What the task requires -> Restate the data word for word and leave the images out.

(Entries taken from a collection)
"""

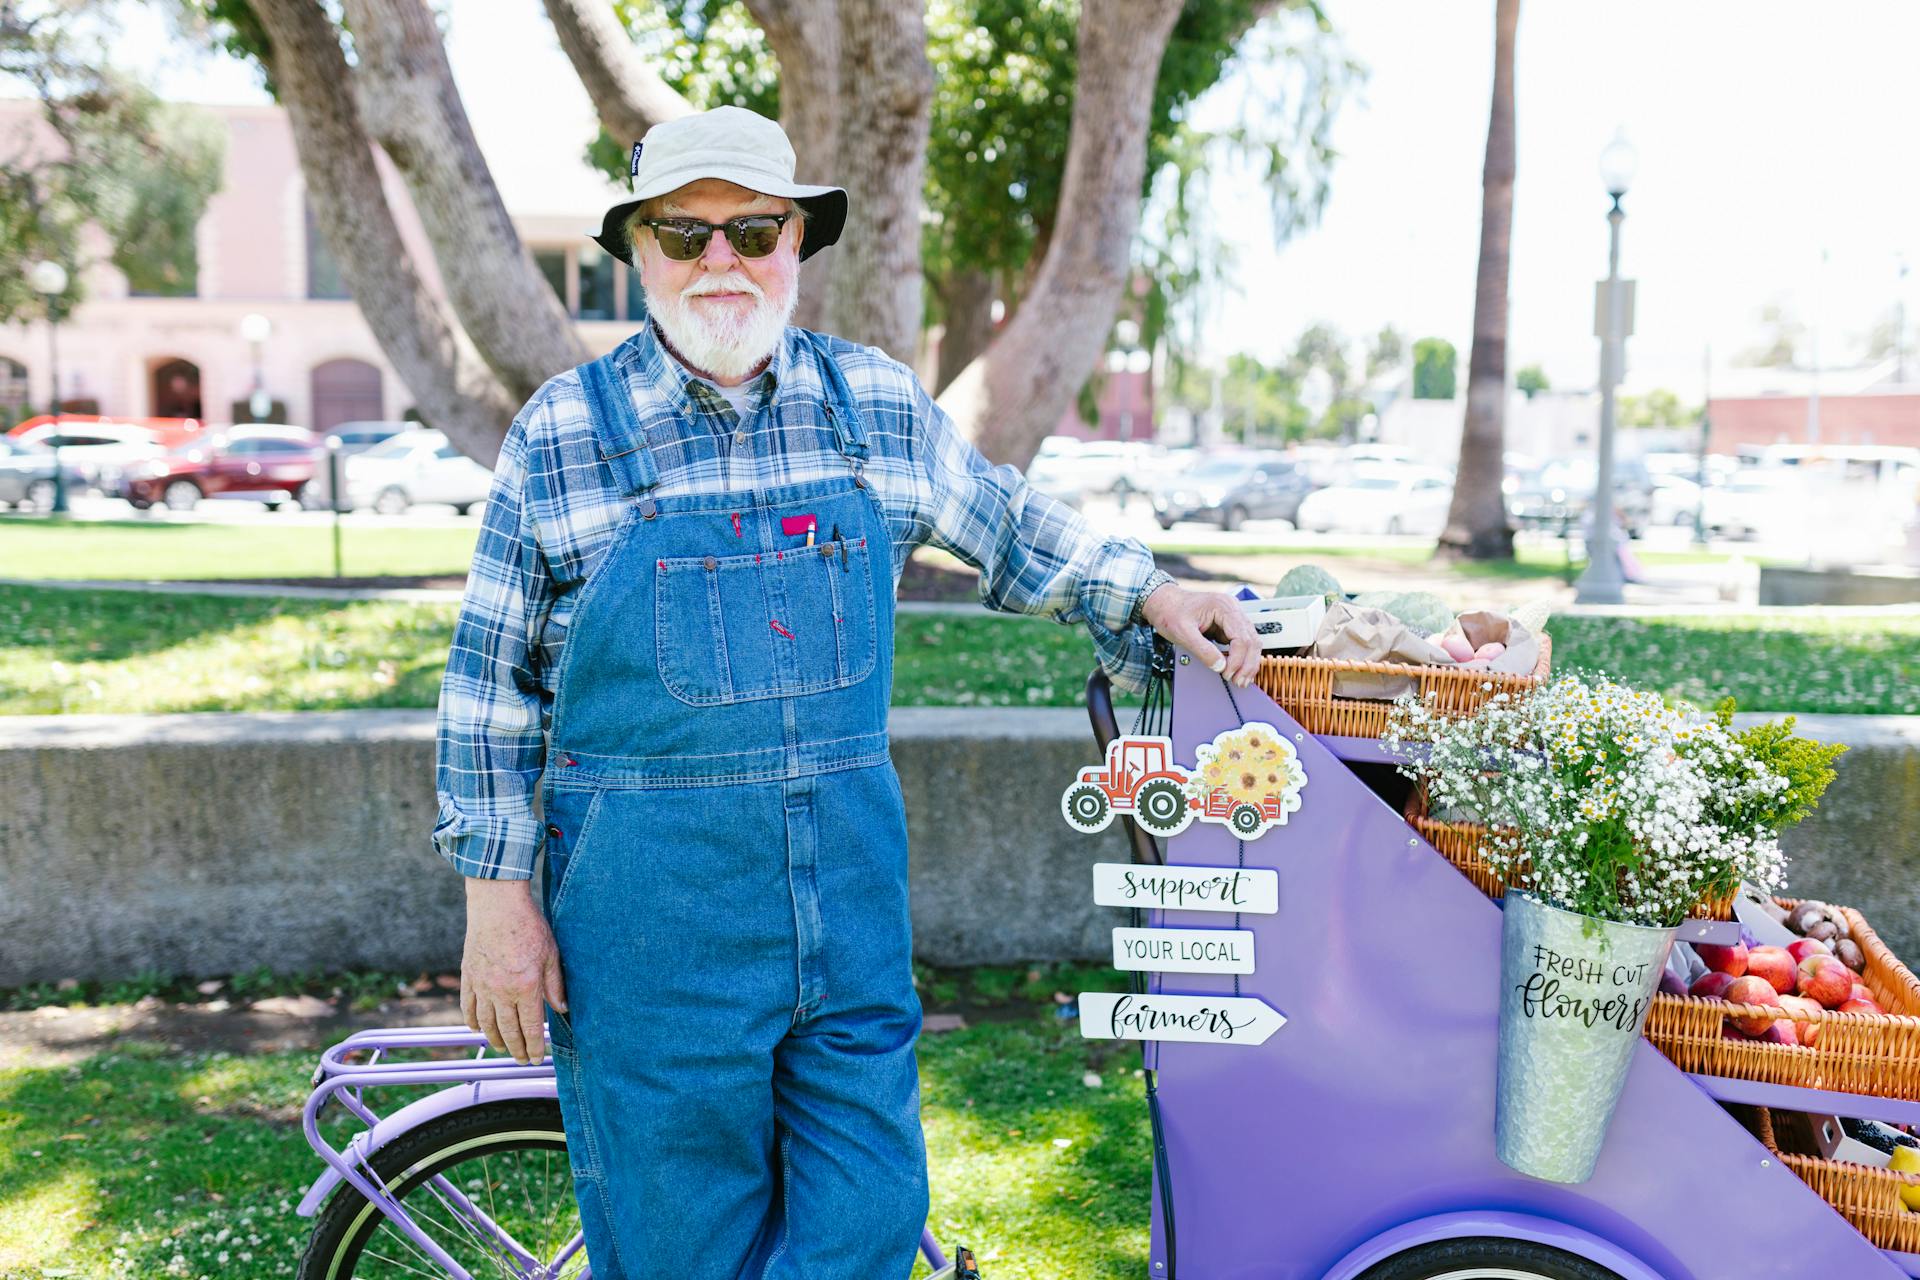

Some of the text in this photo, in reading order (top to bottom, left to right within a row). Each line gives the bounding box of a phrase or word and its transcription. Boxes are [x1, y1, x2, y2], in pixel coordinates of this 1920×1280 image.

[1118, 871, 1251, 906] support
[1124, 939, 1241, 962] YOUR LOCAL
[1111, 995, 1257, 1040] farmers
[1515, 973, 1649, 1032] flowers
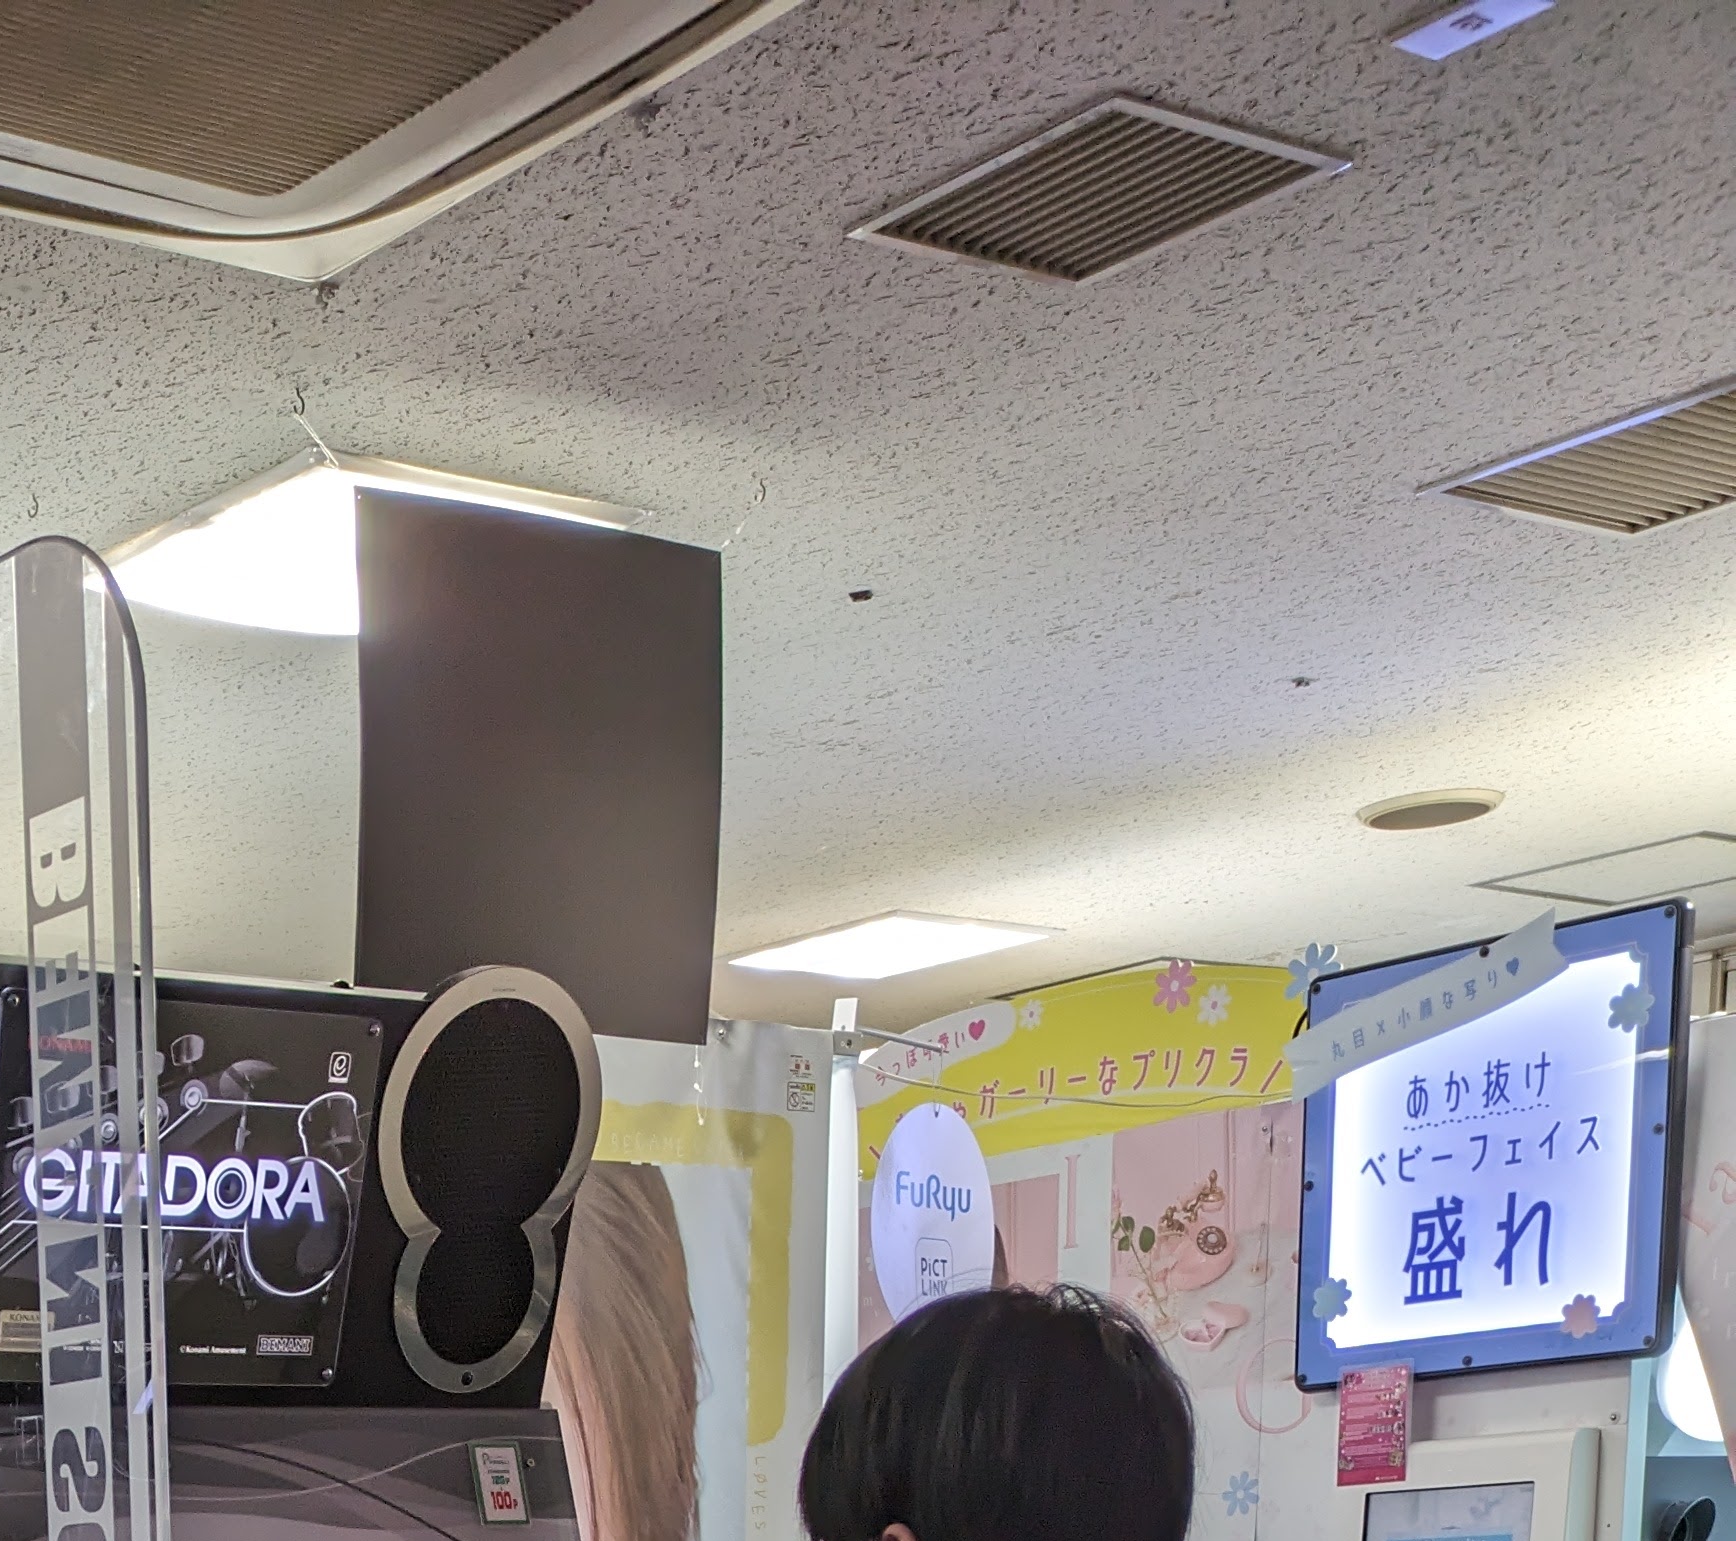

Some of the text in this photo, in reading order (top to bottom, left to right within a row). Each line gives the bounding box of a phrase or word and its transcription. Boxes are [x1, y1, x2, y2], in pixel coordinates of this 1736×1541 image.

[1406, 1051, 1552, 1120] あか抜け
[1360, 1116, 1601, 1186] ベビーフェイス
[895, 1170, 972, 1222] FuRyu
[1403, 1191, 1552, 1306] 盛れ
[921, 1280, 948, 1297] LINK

"""

Written solution ->
Some of the text in this photo, in reading order (top to bottom, left to right within a row). Each line gives the bounding box of a phrase or word and its transcription. Boxes are [x1, y1, x2, y2], in pixel coordinates of this 1920×1280 image.

[1118, 871, 1251, 906] support
[1124, 939, 1241, 962] YOUR LOCAL
[1111, 995, 1257, 1040] farmers
[1515, 973, 1649, 1032] flowers

Some of the text in this photo, in reading order (top to bottom, left to right within a row). Each line gives the bounding box of a phrase or word and its transcription. Boxes are [x1, y1, x2, y2], in pixel coordinates of this 1736×1541 image.

[1406, 1051, 1552, 1120] あか抜け
[1360, 1116, 1601, 1186] ベビーフェイス
[895, 1170, 972, 1222] FuRyu
[1403, 1191, 1552, 1306] 盛れ
[921, 1280, 948, 1297] LINK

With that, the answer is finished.